Embora muitos magistrados tenham o ledo engano de que estão acima do bem e do
mal, ou presumem-se onipotentes, são, na verdade, homens comuns, no sentido
antropológico da palavra. E, portanto, suscetíveis a falhas, ao erro.
A
falibilidade humana provém da propensão do juiz de cometer erros na interpretação
e aplicação da lei. Coíbe a incidência fatal e irreversível de enganos e é um
instrumento visceral no combate a arbitrariedades e a decisões motivadas pela
má fé do magistrado, visto que, na condição de homem, também está suscetível a
corromper-se.
Outro
importante fundamento do sistema recursal é inerente a figura do réu (sujeito
ativo do processo) ou do autor da ação, e diz respeito ao inconformismo, outra
característica inerente ao ser humano. No mundo contemporâneo, sobretudo a
partir do advento da pós-modernidade, vivemos uma sociedade de lutas e de
constantes desafios. Cotidianamente somos desafiados e, seguindo a teoria da
evolução darwiniana, somente os mais fortes e aptos sobrevivem. Daí a
necessidade quase inerente da vitória. O ser humano não gosta de perder e
desenvolve um forte apego às suas convicções, em detrimento da análise e do
julgamento do outro. Daí resulta o fato de não conformar-se com decisões
contrárias a suas crenças e suas expectativas.
A necessidade psicológica do vencido de obter
um novo julgamento na decisão que lhe foi desfavorável, isto é, não se
conformar perante uma única decisão que lhe trouxe gravame ou prejuízo, se
traduz em um forte pressuposto àqueles que defendem o sistema recursal.
Outro
ponto em defesa dos recursos no sistema judiciário é a possibilidade de poder
contar com a maior experiência dos integrantes dos tribunais, visto que estes
órgãos são compostos por juízes que já atuaram na primeira instância por um
tempo razoável, o que lhes confere maior legitimidade e credibilidade, embora
seja importante ressaltar que ainda assim, podem cometer erros.
No
mais, o sistema recursal impõe ao magistrado um grau maior de cautela e
prudência quando da aplicação da sentença ou da pena, visto que, sabedor da
possibilidade de revisão de sua decisão, procura agir com maior precisão, equidade
e isonomia.
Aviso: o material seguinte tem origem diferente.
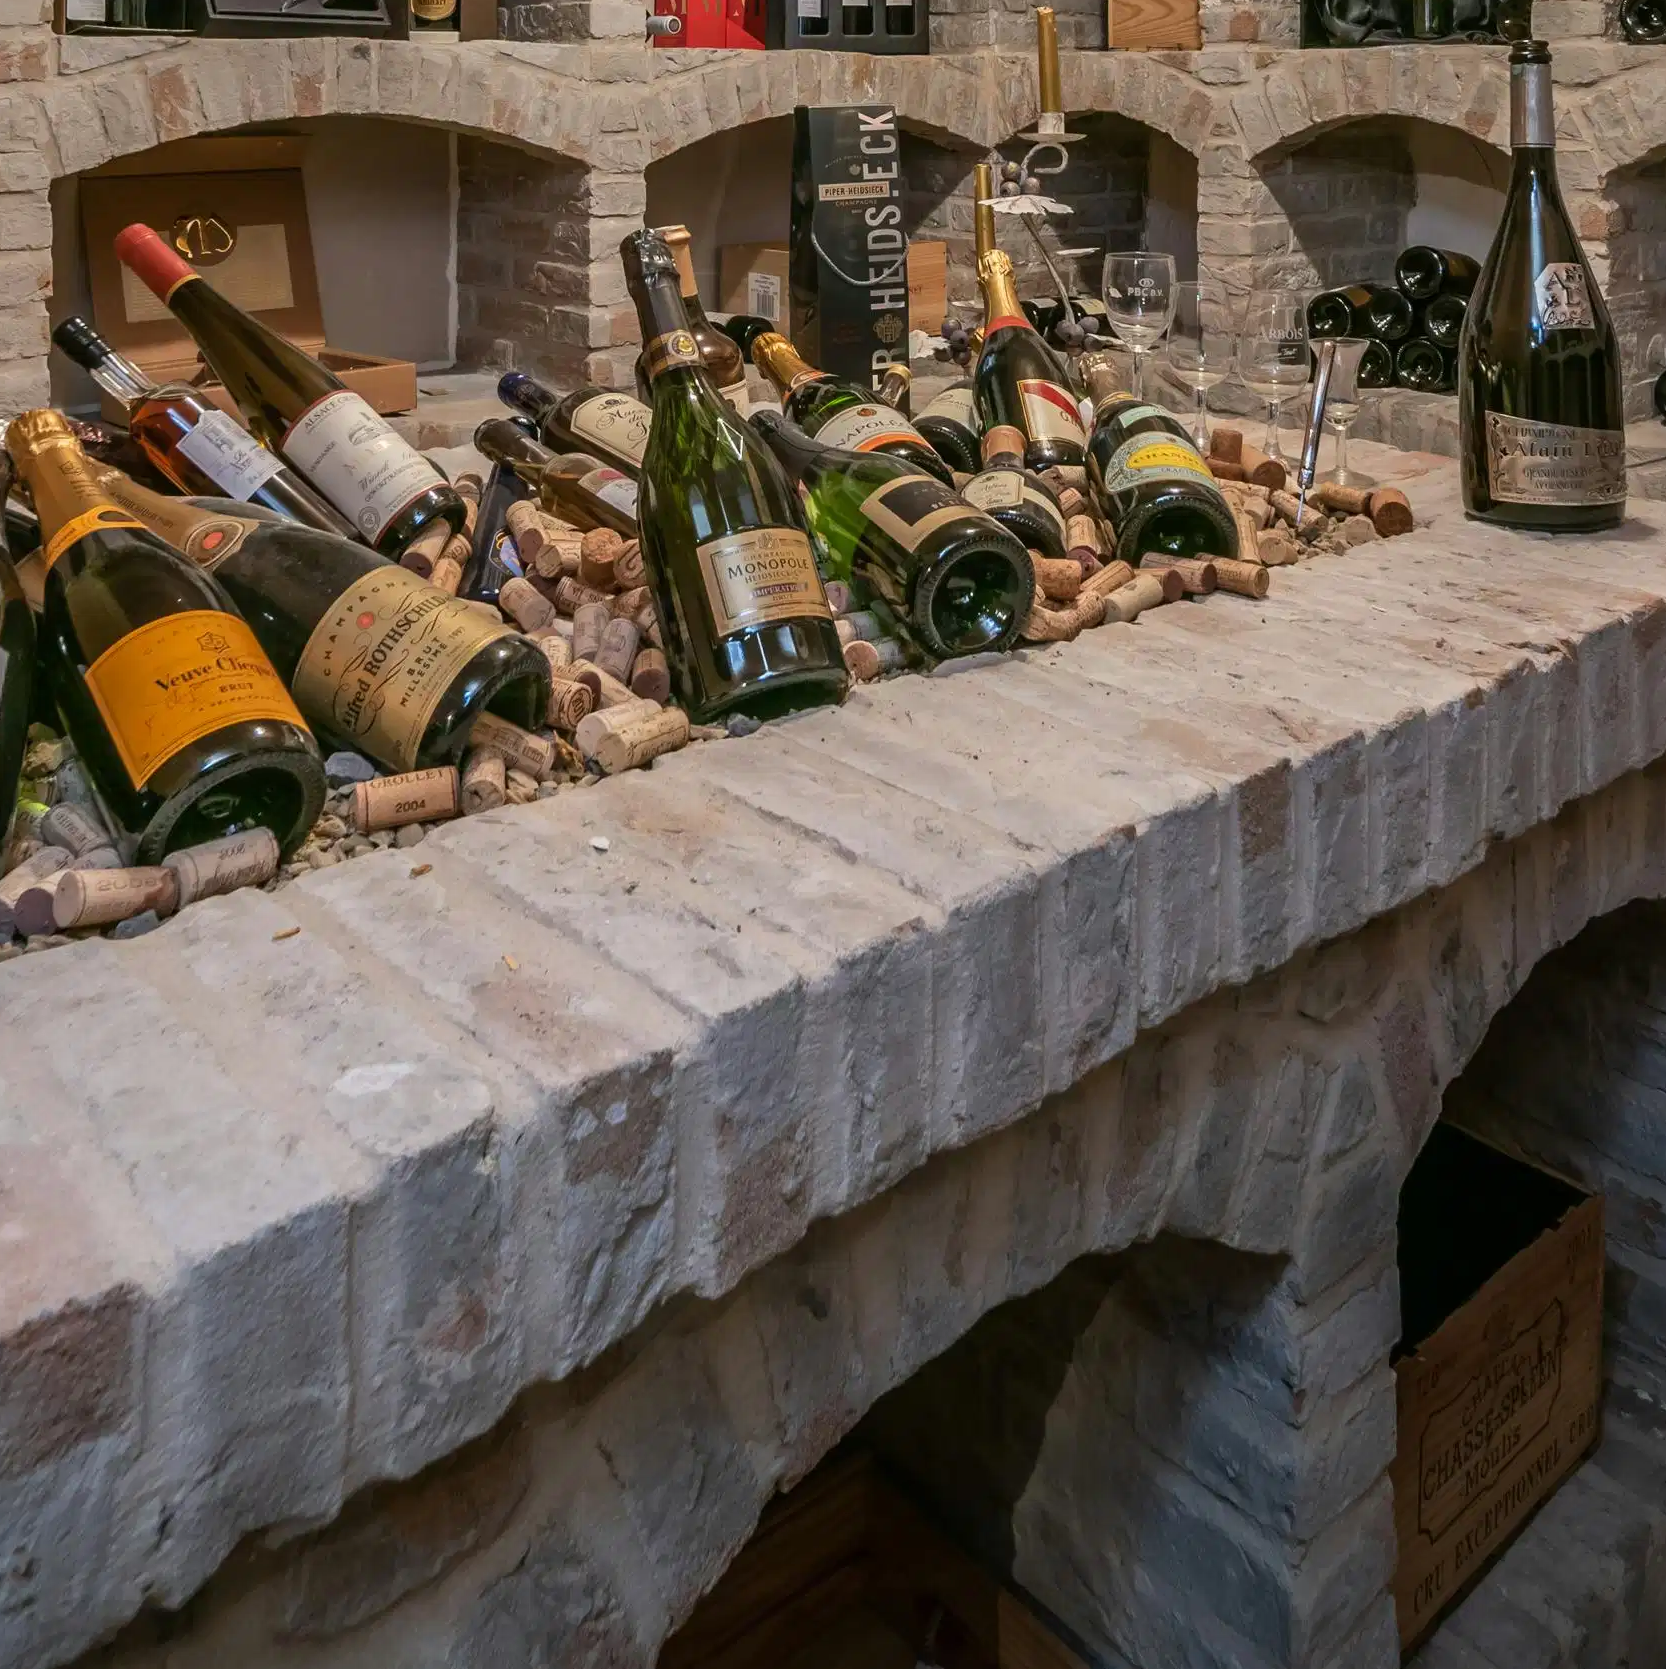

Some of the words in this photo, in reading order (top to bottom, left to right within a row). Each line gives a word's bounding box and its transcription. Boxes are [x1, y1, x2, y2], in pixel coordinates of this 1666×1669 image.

[823, 185, 884, 199] PIPER-HEIDSIECK
[1128, 287, 1149, 297] PBC
[1510, 440, 1575, 459] Alain
[727, 557, 810, 581] MONOPOLE
[341, 676, 372, 733] Alfred
[363, 592, 451, 677] ROTHSCHILD
[407, 634, 442, 678] BRUT
[155, 665, 214, 692] Veuve
[218, 681, 254, 694] BRUT
[395, 799, 426, 813] 2004
[1420, 1345, 1562, 1503] CHASSE-SPLEEN
[1412, 1561, 1446, 1616] CRU
[1453, 1437, 1562, 1574] EXCEPTIONNEL
Podemos afirmar, então, tratar-se de um instrumento de controlo
jurisdicional. É, por assim dizer, o olhar da coletividade sobre a ação do juiz
singular.
- ORIGEM ETMOLÓGICA E DEFINIÇÃO
Para
uma melhor compreensão do sistema recursal no direito brasileiro e do recurso
em sentido restrito, cumpre-nos o dever de apresentar a origem etimológica
deste instituto, bem como algumas definições, muito elucidativas, desenvolvidas
por três dos mais notáveis e cultos doutrinadores.
2.1.
Etmologia:
Recurso vem da palavra latina
Recursus – us. Significa: voltar,
retroceder, retornar (corrida para trás – caminho para voltar – caminho já utilizado).
2.2.
Conceito
Recurso é o pedido de nova decisão
judicial, com alteração de decisão anterior, previsto em lei, dirigido, em
regra, a outro órgão jurisdicional, dentro do mesmo processo. (Vicente Greco Filho)
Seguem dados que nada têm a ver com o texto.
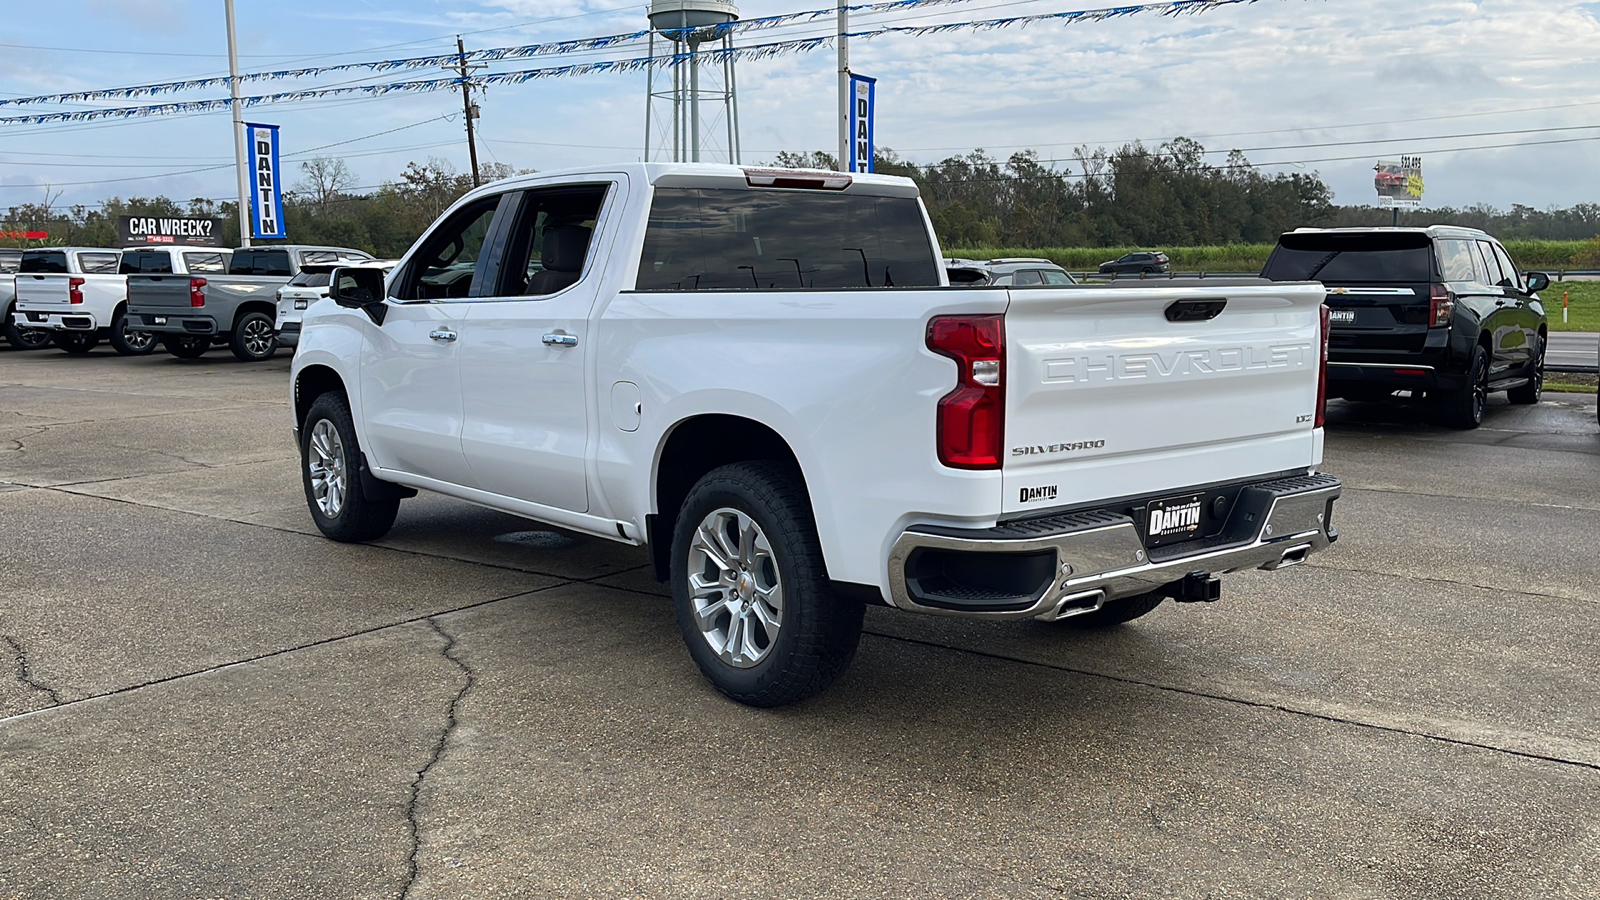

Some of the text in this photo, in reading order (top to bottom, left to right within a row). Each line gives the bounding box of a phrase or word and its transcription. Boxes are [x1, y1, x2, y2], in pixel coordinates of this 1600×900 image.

[257, 141, 275, 233] DANTIN
[129, 218, 213, 236] CAR WRECK?
[1041, 342, 1311, 385] CHEVROLET
[1012, 440, 1105, 456] SILVERADO
[1020, 485, 1057, 503] DANTIN
[1149, 507, 1201, 535] DANTIN
Recurso é uma providência legal,
imposta ou concedida à parte interessada, consistente em um meio de se obter
nova apreciação da decisão ou situação processual, com o fim de corrigi-la, modificá-la
ou confirmá-la. Meio pelo qual se obtém o reexame de uma decisão. (Fernando Capez)
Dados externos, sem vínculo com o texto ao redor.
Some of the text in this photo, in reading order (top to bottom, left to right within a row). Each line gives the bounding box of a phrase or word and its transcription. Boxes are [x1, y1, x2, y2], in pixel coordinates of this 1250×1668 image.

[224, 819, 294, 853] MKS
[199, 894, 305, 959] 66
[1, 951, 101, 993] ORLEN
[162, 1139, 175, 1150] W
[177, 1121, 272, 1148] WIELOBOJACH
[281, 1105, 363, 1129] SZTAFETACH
Recurso é a providência legal
imposta ao juiz ou concedida à parte interessada, objetivando nova apreciação
da decisão ou da situação processual, com o fim de corrigi-la, modificá-la ou
confirmá-la. (Magalhães Noronha).
Após passarmos em revista a imprescindível
colaboração dos doutos juristas ao norte citados, podemos afirmar tratar-se o
recurso de uma providência legal concedida à parte interessada com o fito de
obter reexame da decisão proferida na perspectiva de alterá-la em favor do
requerente. Com todo o respeito aos ilustres doutrinadores, parece-nos não
fazer sentido listar como objetivo do recurso a confirmação da decisão
anterior. Se assim agir o requente, com o objetivo de confirmar a decisão,
restará esvaziado o sentido do instituto do recurso, pois objetivar confirmar a
decisão remete à conformidade com esta, e a inconformidade do ser humano é um
dos fundamentos do sistema recursal.
- RECURSO NO DIREITO PENAL: DOIS PESOS; QUANTAS MEDIDAS?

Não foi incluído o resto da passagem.